[[ DATASET ENTRIES open ]]
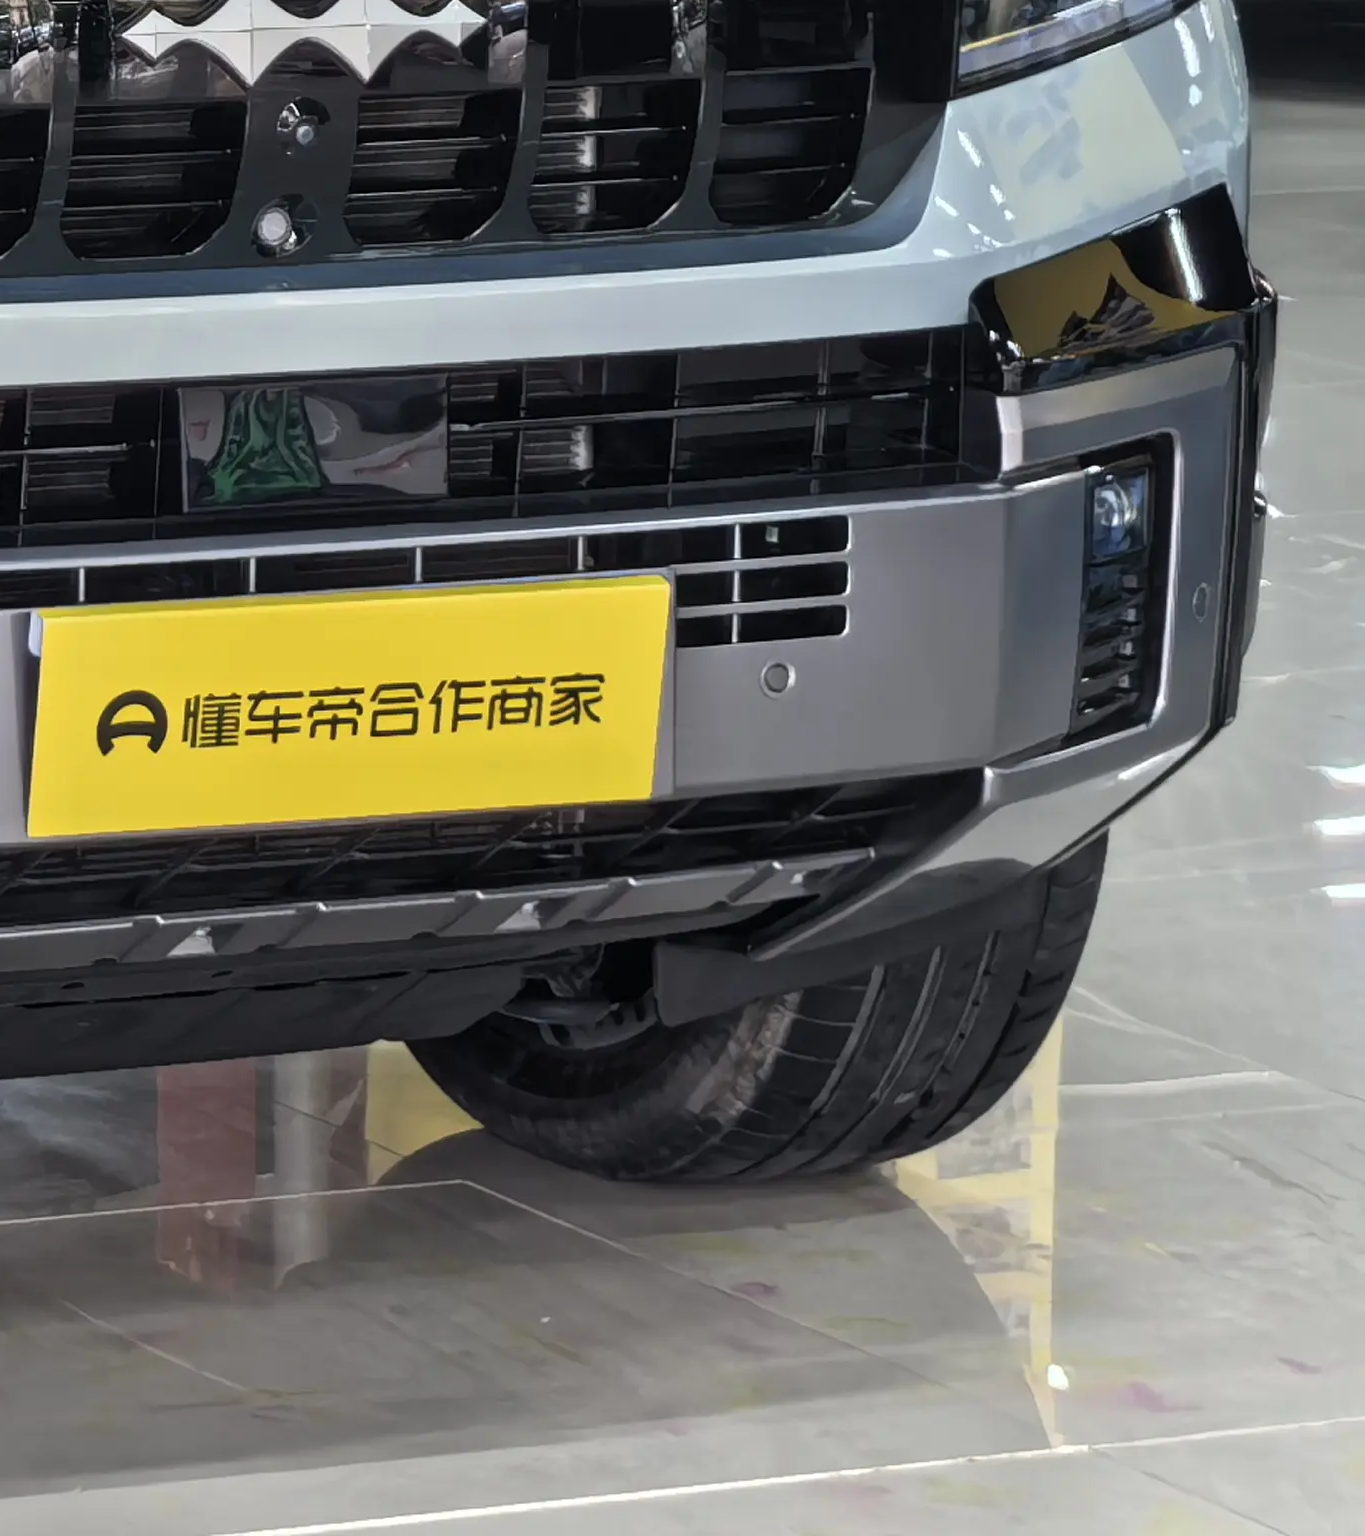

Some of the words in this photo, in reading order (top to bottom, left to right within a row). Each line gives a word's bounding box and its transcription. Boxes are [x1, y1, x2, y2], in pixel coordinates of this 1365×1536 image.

[181, 672, 606, 749] 懂车帝合作商家
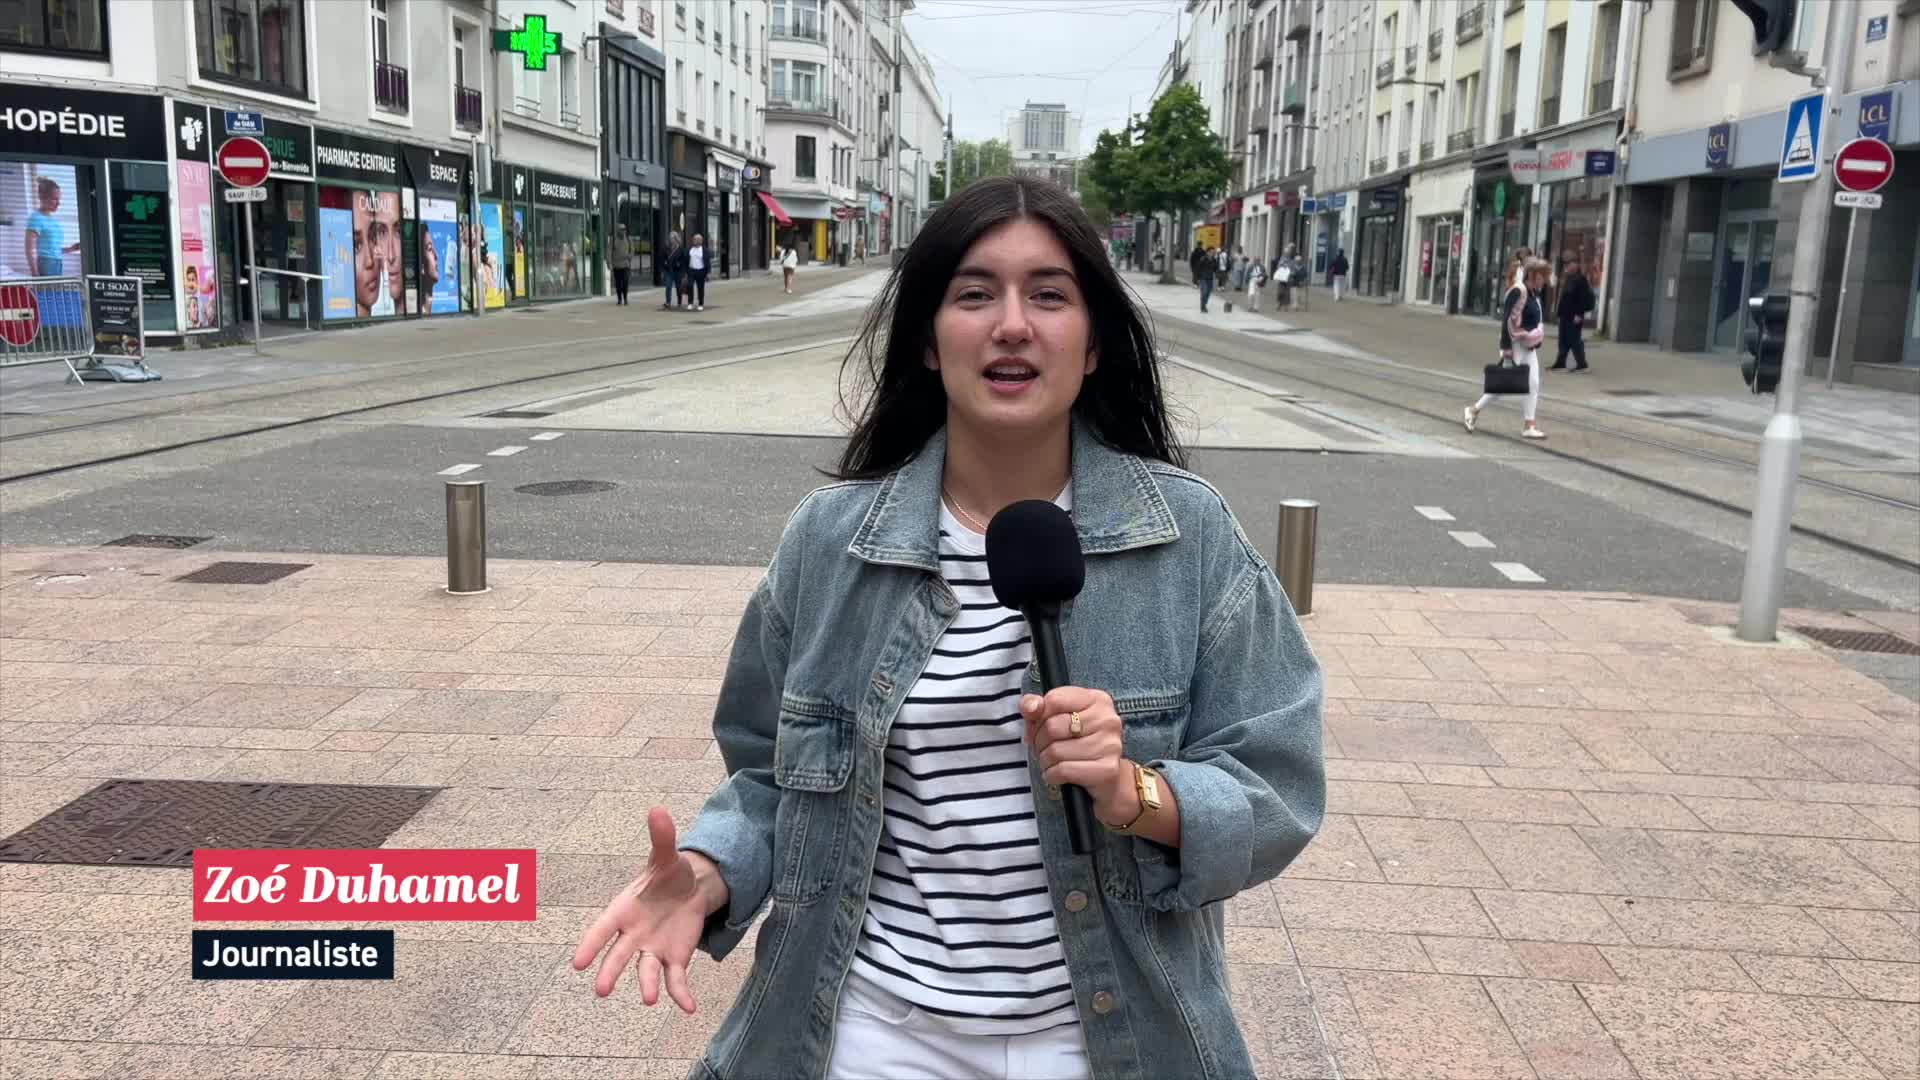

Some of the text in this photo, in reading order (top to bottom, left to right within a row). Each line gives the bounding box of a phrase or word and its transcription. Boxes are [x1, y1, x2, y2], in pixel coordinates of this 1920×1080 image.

[1860, 104, 1888, 124] LCL
[1709, 134, 1726, 149] LCL
[317, 146, 396, 174] PHARMACIE CENTRALE
[430, 164, 458, 183] ESPACE
[540, 182, 577, 200] ESPACE BEAUTÉ
[108, 282, 135, 292] SOAZ
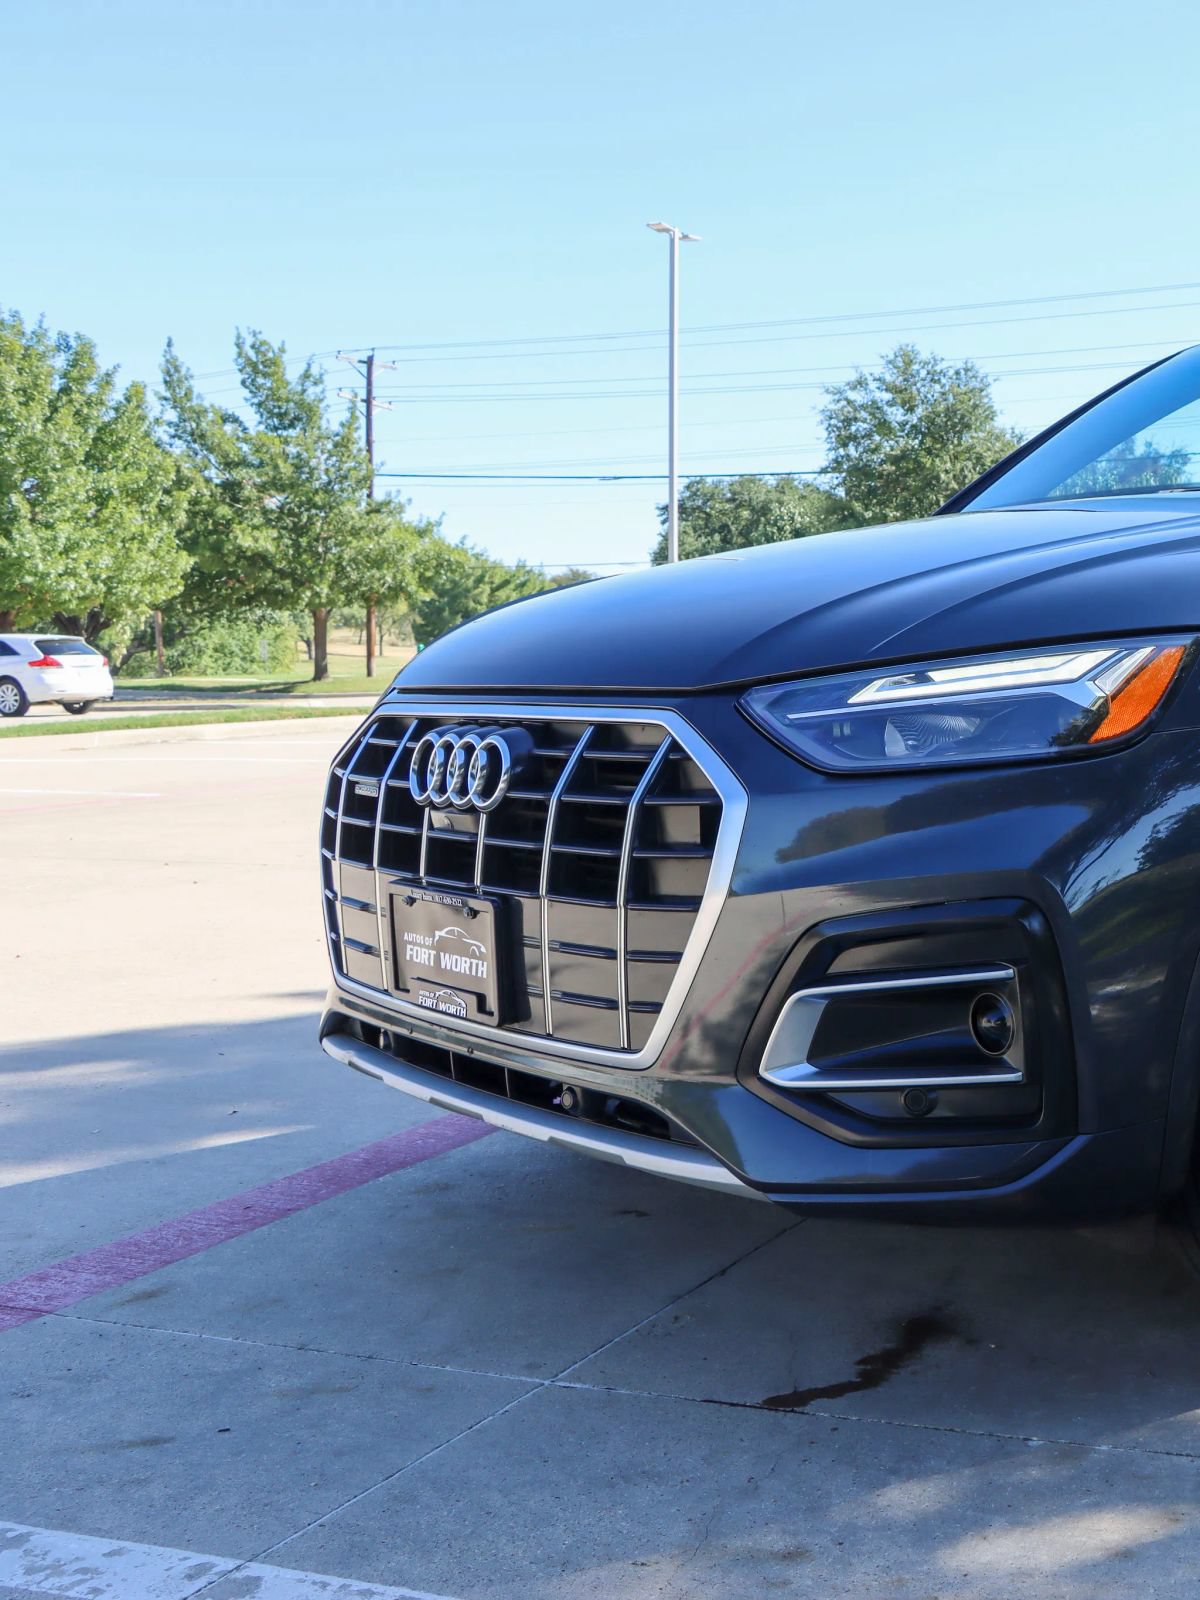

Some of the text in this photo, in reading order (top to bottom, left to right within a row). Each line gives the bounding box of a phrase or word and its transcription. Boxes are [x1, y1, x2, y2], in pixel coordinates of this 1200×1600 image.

[404, 932, 433, 947] AUTOS OF
[406, 944, 487, 979] FORT WORTH
[419, 996, 466, 1018] FORT WORTH
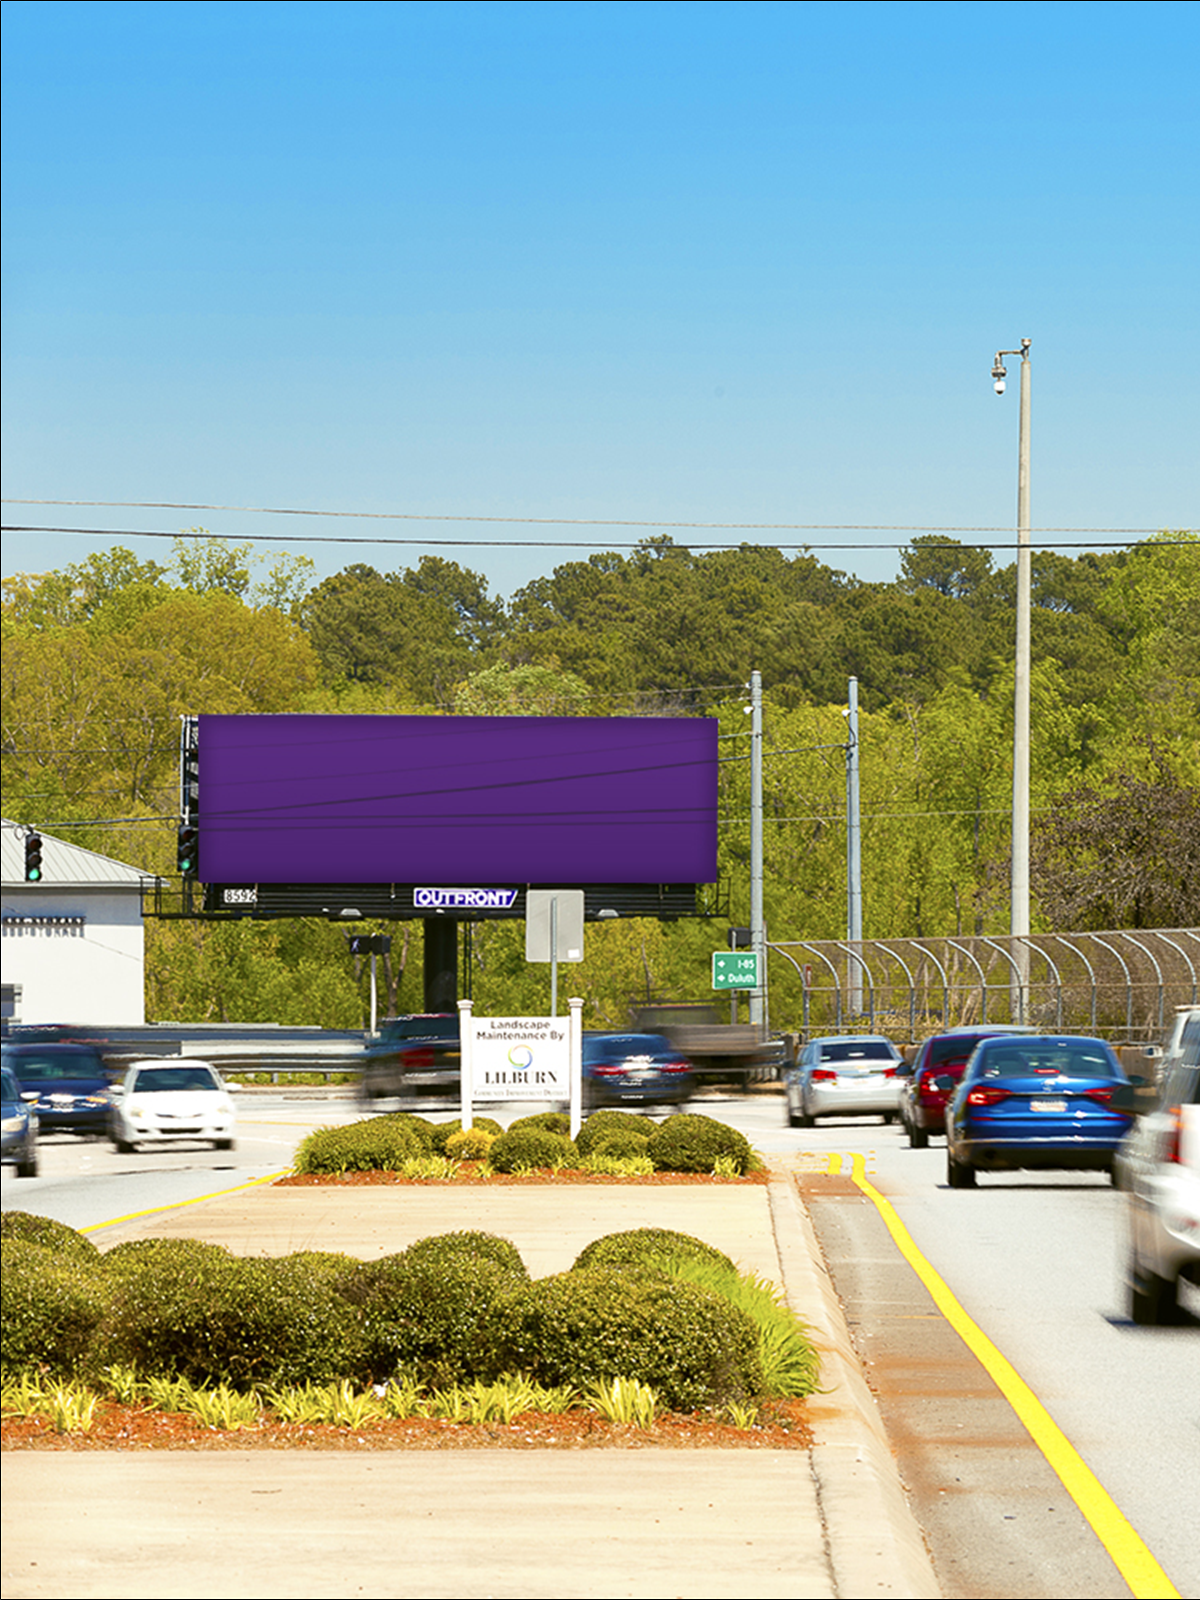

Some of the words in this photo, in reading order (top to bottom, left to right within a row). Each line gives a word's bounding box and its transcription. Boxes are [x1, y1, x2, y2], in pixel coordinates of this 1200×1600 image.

[225, 890, 257, 902] 8592
[418, 890, 512, 906] OUTFRONT
[728, 973, 755, 983] Duluth
[490, 1020, 551, 1030] Landscape
[476, 1031, 547, 1040] Maintenance
[549, 1030, 565, 1041] By
[485, 1071, 558, 1084] LILBURN
[[ DATASET ENTRIES closed ]]
### WHAT THE TASK REQUIRES
Would you set down the records above once more, exactly, with the pictures removed?

### PROBLEM SOLUTION
Some of the words in this photo, in reading order (top to bottom, left to right within a row). Each line gives a word's bounding box and its transcription. Boxes are [x1, y1, x2, y2], in pixel coordinates of this 1365×1536 image.

[181, 672, 606, 749] 懂车帝合作商家

Some of the text in this photo, in reading order (top to bottom, left to right within a row). Each line gives the bounding box of a phrase or word and its transcription. Boxes are [x1, y1, x2, y2], in pixel coordinates of this 1920×1080 image.

[1860, 104, 1888, 124] LCL
[1709, 134, 1726, 149] LCL
[317, 146, 396, 174] PHARMACIE CENTRALE
[430, 164, 458, 183] ESPACE
[540, 182, 577, 200] ESPACE BEAUTÉ
[108, 282, 135, 292] SOAZ

Some of the text in this photo, in reading order (top to bottom, left to right within a row). Each line gives the bounding box of a phrase or word and its transcription. Boxes are [x1, y1, x2, y2], in pixel coordinates of this 1200×1600 image.

[404, 932, 433, 947] AUTOS OF
[406, 944, 487, 979] FORT WORTH
[419, 996, 466, 1018] FORT WORTH

Some of the words in this photo, in reading order (top to bottom, left to right within a row). Each line gives a word's bounding box and its transcription. Boxes are [x1, y1, x2, y2], in pixel coordinates of this 1200×1600 image.

[225, 890, 257, 902] 8592
[418, 890, 512, 906] OUTFRONT
[728, 973, 755, 983] Duluth
[490, 1020, 551, 1030] Landscape
[476, 1031, 547, 1040] Maintenance
[549, 1030, 565, 1041] By
[485, 1071, 558, 1084] LILBURN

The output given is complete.